Pictures do not belong in the copy; restate the records below word for word.

[Text-to-region grounding data]
○ ○ ○ ○ ○ ○ ○

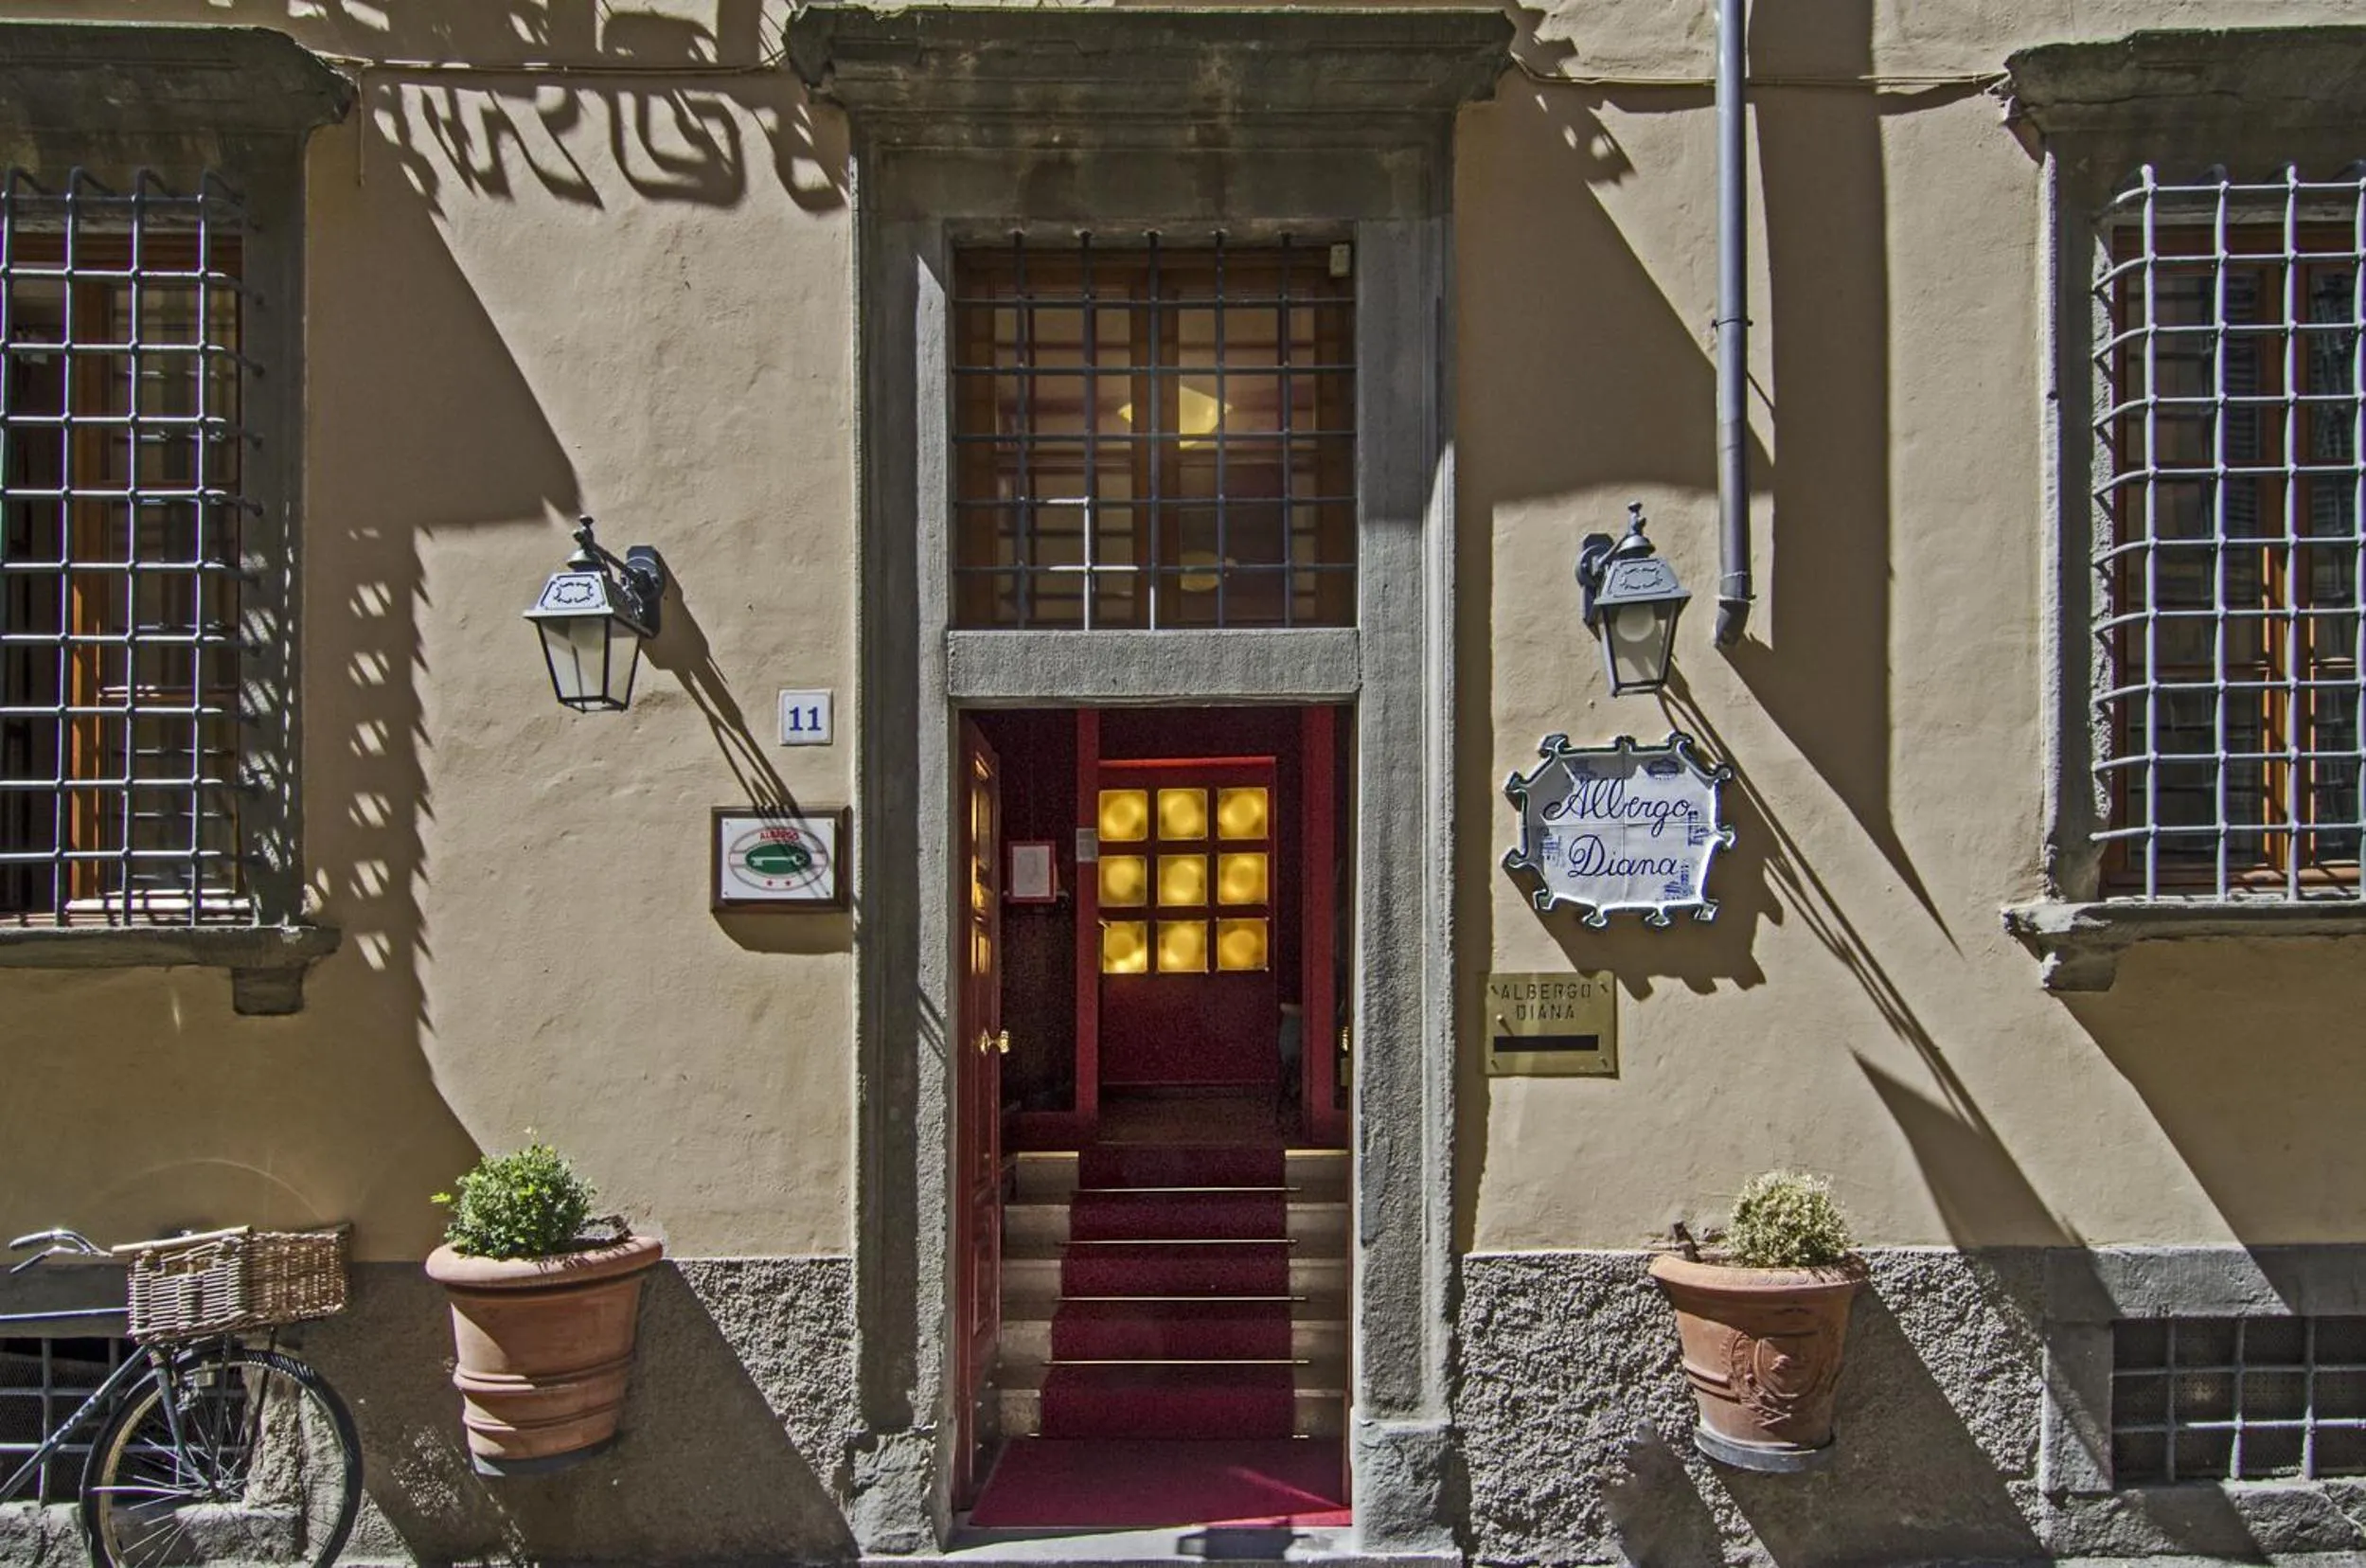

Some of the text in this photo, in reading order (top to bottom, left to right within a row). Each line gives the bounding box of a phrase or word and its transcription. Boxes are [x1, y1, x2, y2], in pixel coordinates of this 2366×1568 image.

[789, 706, 822, 731] 11
[1542, 776, 1692, 838] Albergo
[1568, 833, 1678, 878] Diana
[1501, 983, 1592, 1001] ALBERGO
[1516, 1004, 1575, 1021] DIANA
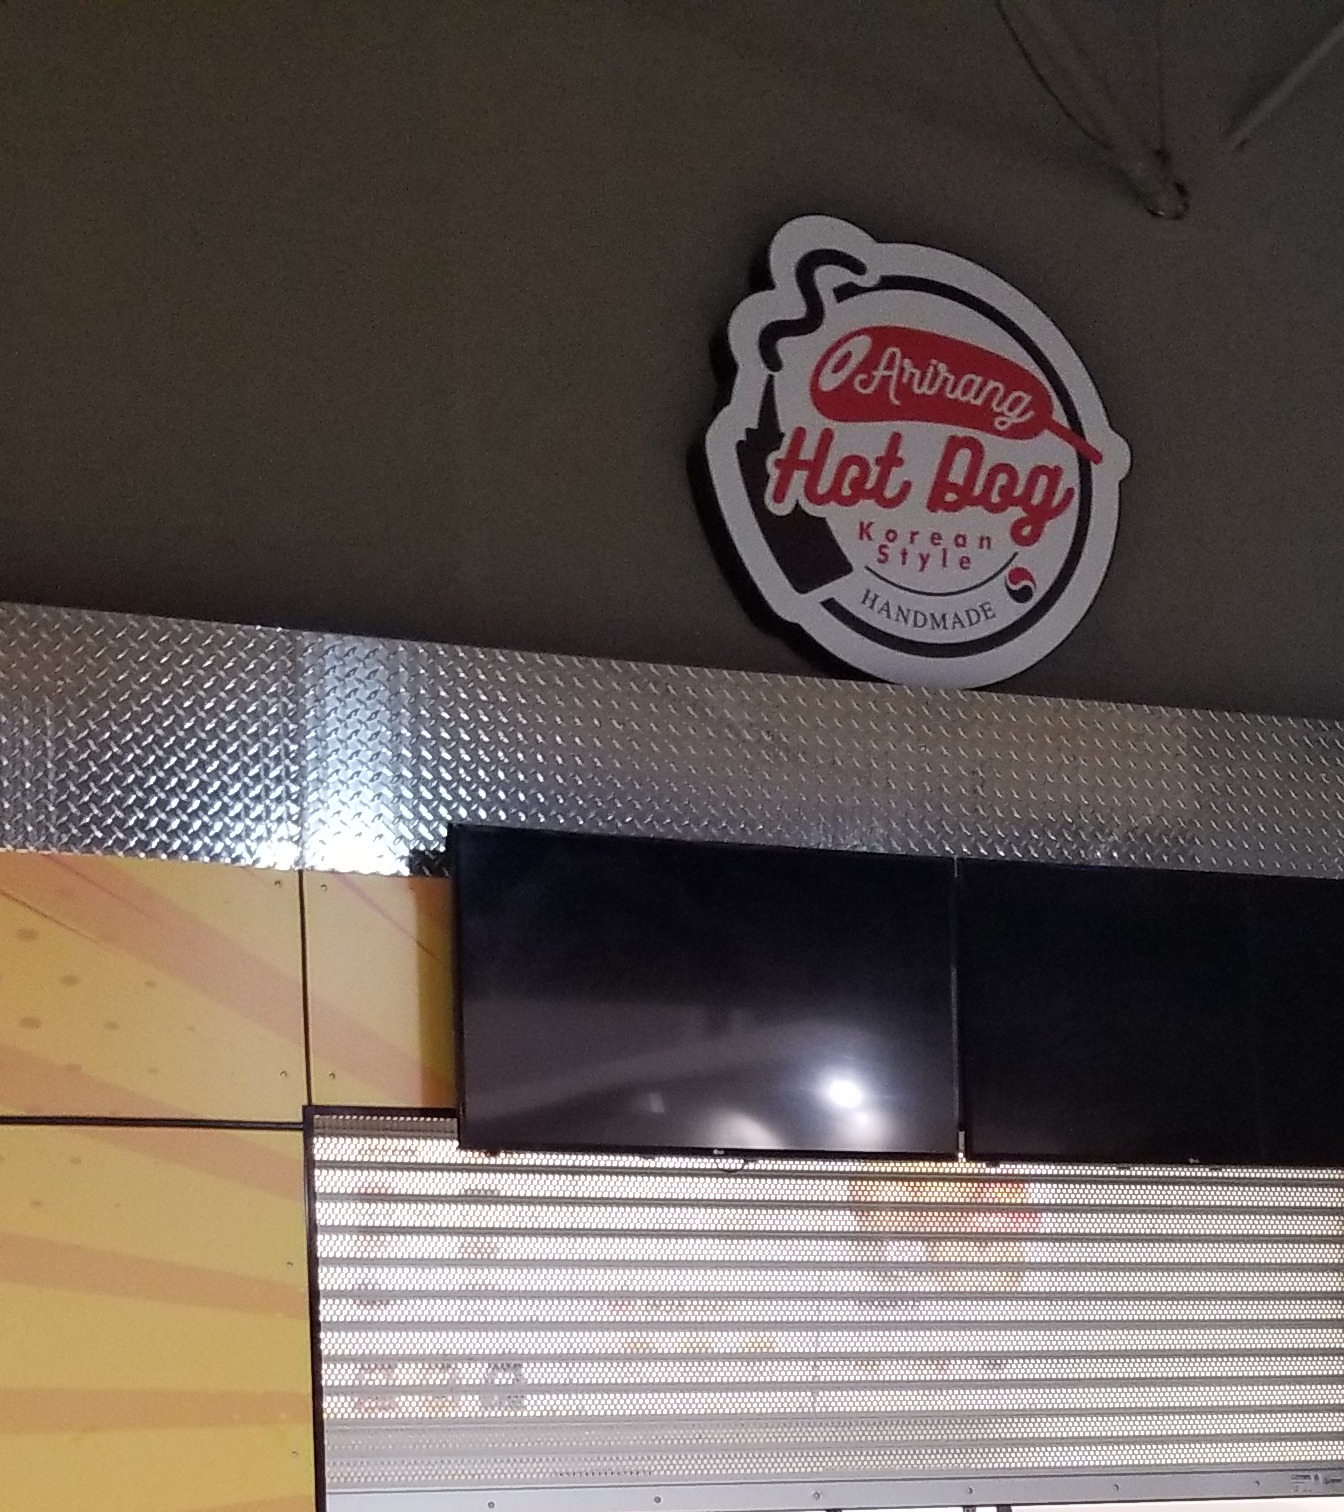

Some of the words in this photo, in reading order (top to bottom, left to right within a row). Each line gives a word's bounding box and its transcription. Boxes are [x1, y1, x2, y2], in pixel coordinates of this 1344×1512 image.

○ ○ ○ ○ ○ ○ ○

Answer area
Some of the text in this photo, in reading order (top to bottom, left to right within a row). Each line gives the bounding box of a phrase or word and its transcription. Boxes are [x1, y1, x2, y2], in pixel coordinates of this 2366×1568 image.

[789, 706, 822, 731] 11
[1542, 776, 1692, 838] Albergo
[1568, 833, 1678, 878] Diana
[1501, 983, 1592, 1001] ALBERGO
[1516, 1004, 1575, 1021] DIANA

Some of the words in this photo, in reading order (top to bottom, left to right within a row). Each line gives a word's bounding box and its transcription. Boxes are [x1, y1, x2, y2], in pixel coordinates of this 1344×1512 image.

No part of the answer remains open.